The sound came from accross the hollow on the opposite mountain. It was loud, completely different than any other noise I ever heard, and persistant.
I can only say that we each looked at each other and said what the hell is that! The origination point of the sound was definitely on the move and seemed to move behind the camp over the course of 15 - 20 minutes.
I noticed that whatever it was seemed to stay away from the camp so that we never heard movement or other distinguishable characteristics. I felt with the movement and rather unnerving nature of the event I would rather retire for the evening!
We went to bed and had no further incident. I explored the next day and was unable to locate tracks of any sort or other proof of what it was.
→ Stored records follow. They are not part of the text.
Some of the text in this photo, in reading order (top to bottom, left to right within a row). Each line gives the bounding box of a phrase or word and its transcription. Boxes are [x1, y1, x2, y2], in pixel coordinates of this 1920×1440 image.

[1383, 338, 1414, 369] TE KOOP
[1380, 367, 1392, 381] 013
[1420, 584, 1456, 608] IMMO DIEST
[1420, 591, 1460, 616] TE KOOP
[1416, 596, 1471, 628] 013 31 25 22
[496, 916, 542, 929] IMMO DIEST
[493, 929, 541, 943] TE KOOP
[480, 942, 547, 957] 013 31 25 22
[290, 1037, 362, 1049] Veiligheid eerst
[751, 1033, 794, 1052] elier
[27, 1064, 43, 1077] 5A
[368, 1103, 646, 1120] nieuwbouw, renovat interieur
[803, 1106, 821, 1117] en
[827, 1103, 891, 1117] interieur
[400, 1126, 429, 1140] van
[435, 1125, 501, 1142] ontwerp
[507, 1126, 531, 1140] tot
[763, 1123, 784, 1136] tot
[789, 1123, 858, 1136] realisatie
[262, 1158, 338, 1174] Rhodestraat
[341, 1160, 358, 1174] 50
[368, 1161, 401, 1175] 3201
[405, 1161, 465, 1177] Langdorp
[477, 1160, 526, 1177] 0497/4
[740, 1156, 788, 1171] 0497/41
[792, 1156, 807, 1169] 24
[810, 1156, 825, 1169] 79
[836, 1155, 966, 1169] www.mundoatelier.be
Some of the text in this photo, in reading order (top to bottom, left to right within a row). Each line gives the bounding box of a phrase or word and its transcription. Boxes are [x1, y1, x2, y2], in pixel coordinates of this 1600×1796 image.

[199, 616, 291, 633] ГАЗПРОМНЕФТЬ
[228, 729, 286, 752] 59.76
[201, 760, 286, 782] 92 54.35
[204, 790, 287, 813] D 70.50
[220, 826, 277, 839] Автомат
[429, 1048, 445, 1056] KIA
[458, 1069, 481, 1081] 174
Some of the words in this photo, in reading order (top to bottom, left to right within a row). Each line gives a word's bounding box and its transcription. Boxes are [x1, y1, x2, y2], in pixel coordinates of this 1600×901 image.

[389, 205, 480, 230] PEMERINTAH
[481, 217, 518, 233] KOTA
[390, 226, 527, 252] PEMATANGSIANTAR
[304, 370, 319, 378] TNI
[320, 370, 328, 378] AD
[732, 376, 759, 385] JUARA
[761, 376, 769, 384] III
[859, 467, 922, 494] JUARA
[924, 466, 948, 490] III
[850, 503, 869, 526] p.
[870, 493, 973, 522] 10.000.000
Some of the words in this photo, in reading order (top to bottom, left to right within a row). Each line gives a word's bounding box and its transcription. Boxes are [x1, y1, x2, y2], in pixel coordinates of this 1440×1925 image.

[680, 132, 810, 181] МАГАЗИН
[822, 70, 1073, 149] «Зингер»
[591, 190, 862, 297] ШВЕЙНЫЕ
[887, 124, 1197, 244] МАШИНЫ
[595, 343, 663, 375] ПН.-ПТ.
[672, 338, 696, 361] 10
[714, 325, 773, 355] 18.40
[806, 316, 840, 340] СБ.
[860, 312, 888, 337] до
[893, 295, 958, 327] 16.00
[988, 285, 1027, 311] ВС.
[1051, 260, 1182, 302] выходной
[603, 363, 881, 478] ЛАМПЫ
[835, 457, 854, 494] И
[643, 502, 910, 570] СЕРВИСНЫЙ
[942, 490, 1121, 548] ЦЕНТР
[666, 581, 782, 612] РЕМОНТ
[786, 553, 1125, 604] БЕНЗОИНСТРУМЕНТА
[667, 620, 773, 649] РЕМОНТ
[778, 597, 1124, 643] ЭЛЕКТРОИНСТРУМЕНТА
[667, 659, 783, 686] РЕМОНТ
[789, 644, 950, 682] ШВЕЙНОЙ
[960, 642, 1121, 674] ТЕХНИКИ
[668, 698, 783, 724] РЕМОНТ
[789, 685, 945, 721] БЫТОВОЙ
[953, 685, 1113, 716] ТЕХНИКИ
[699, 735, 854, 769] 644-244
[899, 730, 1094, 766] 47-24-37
I just dismissed it at perhaps a very noisy critter of some sort. This changed when I came accross Matt M.'s vocalizations from Ohio.
I will say based on my best memory that the noise I heard in the woods that night had a shockingly similar sound. I have hunted all my life as well as been in the mountains and I never have heard somthing like that before or since! I simply do not know what the source of the noise was.
ALSO NOTICED: Nothing. The cabin, terain, and circumstances were as they always are.
OTHER WITNESSES: We just finished eating and were outside relaxing. Our voices were a normal conversation level. A few hours beforehand we were shooting and making noises that would normally spook off animals.
ENVIRONMENT: The area of the incident is as diverse as it is vast. A common term for this part of PA is the North Central Teir. The mountains are 2 to 4 times larger and much steeper than the ones of my native Lebanon County.
I found that the only way to climb these mountains without half killing yourself is up the hollows.
The terain is very diverse ranging from Laurel 15 feet high and extremely dense, to pine stands on entire hillsides with 10' visibility, to mature open growth with visibility of hundreds of yards.
The food availability is sparse at best. The lack of clear cuts to support browse and extreme hunting pressure in the 60's and 70's has all but turned the area of the incident into a " mountain desert."
There is a fair abundance of water in the creeks, sporadic crops of beechnuts, acorns and rare fruit producing shrubs.
The hill along my cabin is the more open terain, the hollow is a small stand of pines and the origination point of the noise is from a heavily grown Combo of Laurel and Hardwoods with huge rocks around. There are also many blowbowns that I notice seem to attract feeding deer.